Contact Us

More Accurate Promotion Forecasting with Causal Modeling

Oct 18, 2017 6 min

The importance of sales promotions as the drivers of consumer behavior has grown during the last decades and a significant proportion of all retail sales are made due to promotions. The increased usage of digital marketing with personalized, time-dependent offers only amplify this phenomenon. It’s inevitable that the management and forecasting of promotional activities must keep up the pace with this trend. To cope, sophisticated promotion forecasting and planning methods is necessary. 

In this whitepaper we’ll take a look at how moving from a traditional category-based model to using causal methods increases forecasting accuracy and supports promotion planning.

Categorization Approach and Its Challenges

Traditionally, a widely adopted method for forecasting promotions has been to categorize promotions into distinct groups based on their characteristics, for example what price reduction the promotion had, what kind of special in-store display was used and what kind of marketing activities were executed during the promotion. The upcoming promotion would then get its promotion forecast based on the average sales performance of the group of promotions with similar characteristics.

This method is already quite sophisticated, especially if the groups can be defined freely, for example based on product categories or location: bread can have different responses towards promotional activities than candy, and small stores can have different responses than large stores. Existing best in class promotion forecasting solutions can also intelligently search for an appropriate grouping in case there isn’t exactly matching data available. For example, let’s say there is no historical data for similar promotions with the exact same characteristics for a certain SKU-store combination, or that the number of those promotions is too low for the estimate to be statistically significant. The best in class solutions can then search for the most appropriately matching group promotions to derive a promotion forecast that is as accurate as possible by starting from the SKU-store level but going through for example the product and location hierarchy as well as partially matching groups.

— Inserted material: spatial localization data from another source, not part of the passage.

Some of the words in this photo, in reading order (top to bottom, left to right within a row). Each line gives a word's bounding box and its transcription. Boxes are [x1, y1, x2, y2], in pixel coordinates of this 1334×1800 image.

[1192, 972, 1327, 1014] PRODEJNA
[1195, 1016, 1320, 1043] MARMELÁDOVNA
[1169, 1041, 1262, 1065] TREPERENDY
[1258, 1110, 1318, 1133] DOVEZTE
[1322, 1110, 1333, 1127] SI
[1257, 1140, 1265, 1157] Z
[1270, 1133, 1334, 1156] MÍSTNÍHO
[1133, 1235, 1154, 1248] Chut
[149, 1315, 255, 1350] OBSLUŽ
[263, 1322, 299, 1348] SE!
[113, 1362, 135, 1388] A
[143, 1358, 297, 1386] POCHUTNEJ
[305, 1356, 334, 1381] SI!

Example of a set of promotions and categories for each promotion.
Figure 1. Example of a set of promotions and categories for each promotion. With a categorical approach, the best forecast is achieved by utilizing exactly matching set of promotions as reference data. However, that approach neglects partially matching data (for example, ‘Coupon / 20-40% price-cut’ is a different category than ‘Coupon / 20-40% price-cut / Multibuy’ or ‘Coupon / No-price-cut’)

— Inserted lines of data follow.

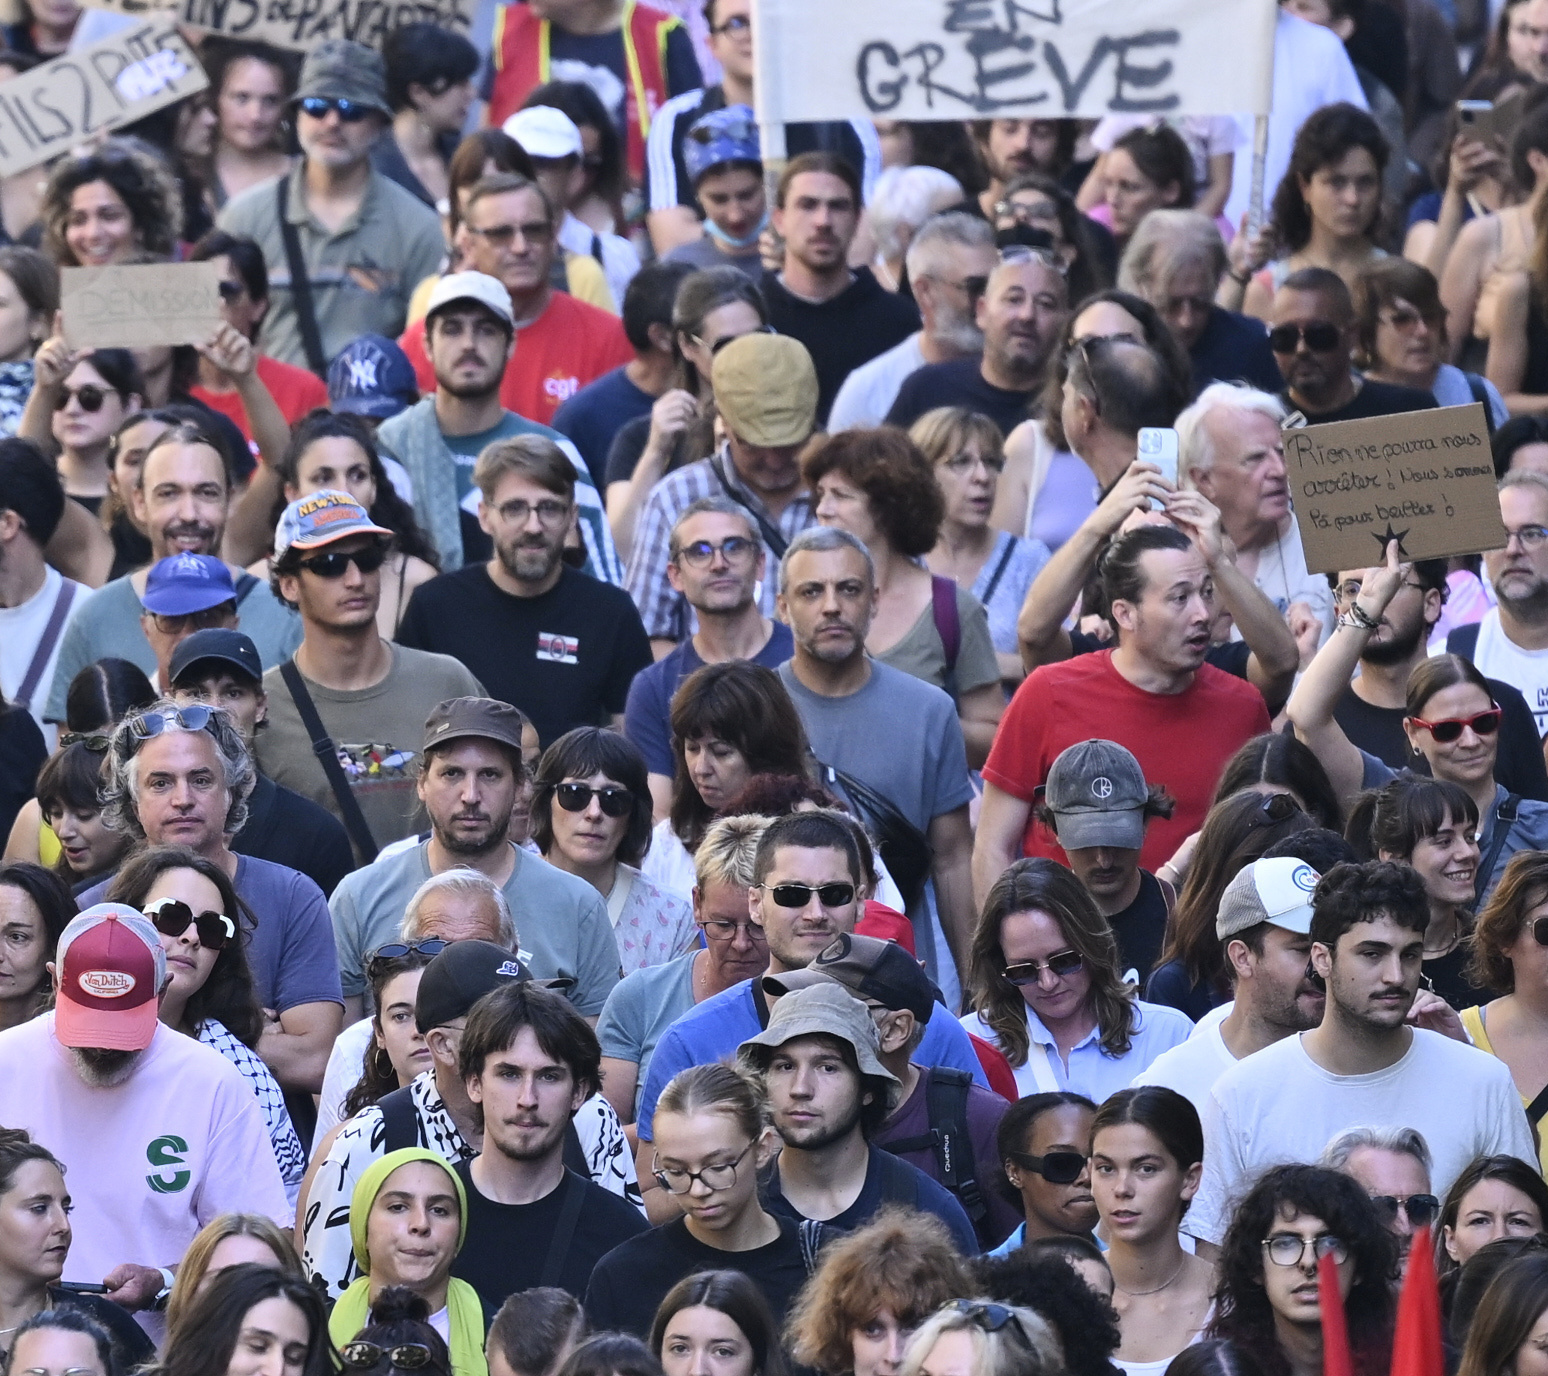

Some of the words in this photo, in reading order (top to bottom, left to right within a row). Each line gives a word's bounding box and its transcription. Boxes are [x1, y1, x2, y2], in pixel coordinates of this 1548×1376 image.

[1288, 432, 1352, 468] Rien
[1382, 438, 1437, 463] pourra
[1441, 432, 1482, 448] nous
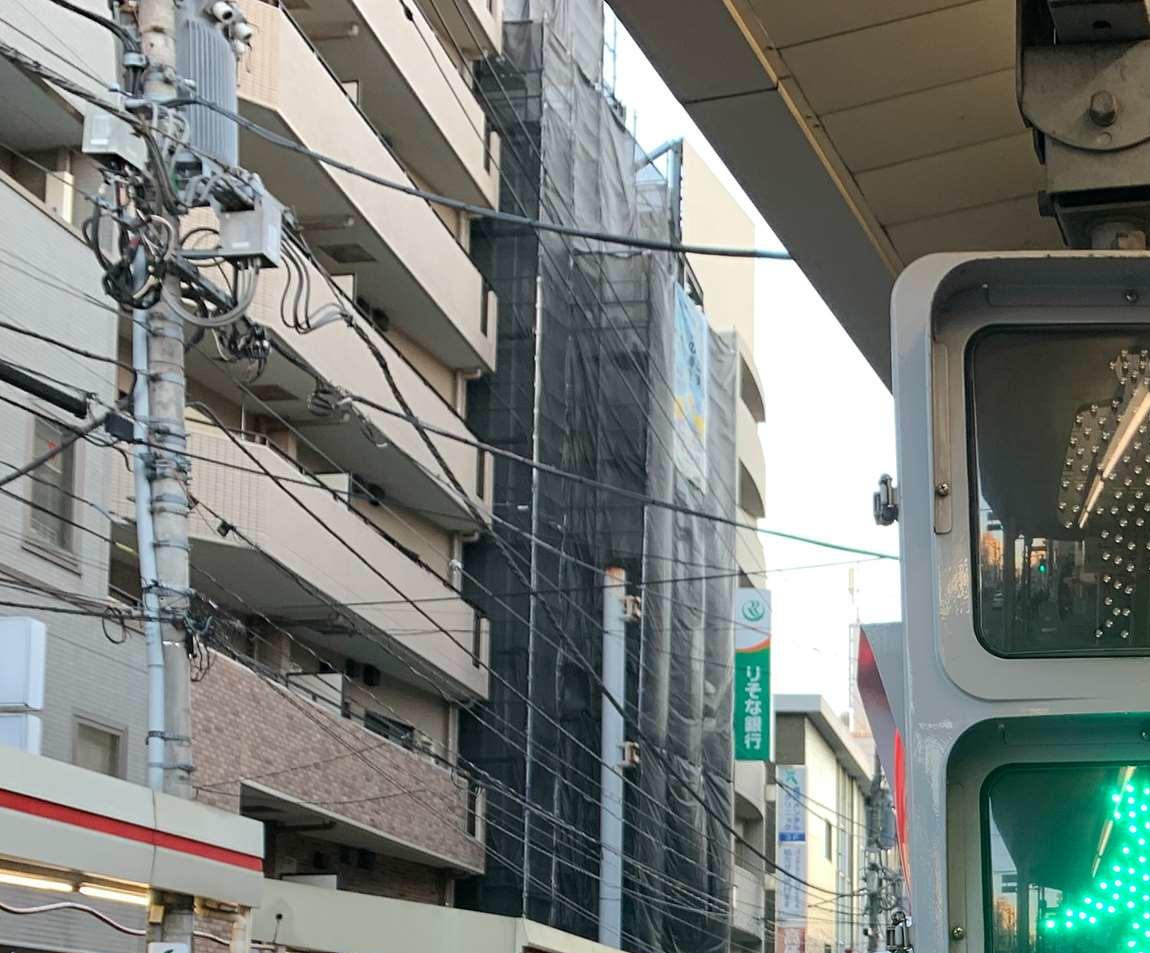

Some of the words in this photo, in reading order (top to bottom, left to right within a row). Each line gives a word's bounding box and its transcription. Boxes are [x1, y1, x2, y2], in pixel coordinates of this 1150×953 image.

[744, 665, 762, 750] りそな銀行

However, this category-based approach also has some drawbacks:

  • The limitations of categorizing: Let’s say the price reductions of promotions are categorized into categories of “0-20%”, “20-40%” and “over 40%”. This leads to a situation where the forecasted effects of price reductions of 21% and 39% are equal, even though they probably should be closer to effects of categories “0-20%” and “over 40%” respectively. However, defining more fine-grained categories reduces the reliability and accuracy of your promotion forecasts, as the amount of data behind each distinct category is reduced. On the other hand, adding manual rules unnecessarily increases the complexity of your promotion forecasting setup and makes it a lot harder to manage.
  • Utilization of the data: Using only exactly matching reference promotions (e.g. same price reduction category, same in-store display and same marketing activities) as input in your promotion forecasting model neglects a big chunk of data that partially matches the upcoming promotion (e.g. different price reduction category, but same in-store display and same marketing activities) and that would be valuable information for promotion forecasting.
  • Big data isn’t always meaningful data: Not too seldom when going through the promotion master data there are promotions that belong to for example more than 10 categories which all are ‘required’ to be utilized in forecasting: we live in the big data era after all. However, big data doesn’t always mean meaningful data: It can be that only three or four of those categories contribute to sales performance, or that the 10 categories could be combined into smaller numbers of categories for forecasting purposes. With the category-based approach it’s not instantly clear which categories are irrelevant in terms of forecasting and which are not.
  • Simultaneous promotions with different categorizations: Promotion data can include promotions that are overlapping with each other and so it’s difficult to say which part of the promotion performance is achieved by which promotion and category combination.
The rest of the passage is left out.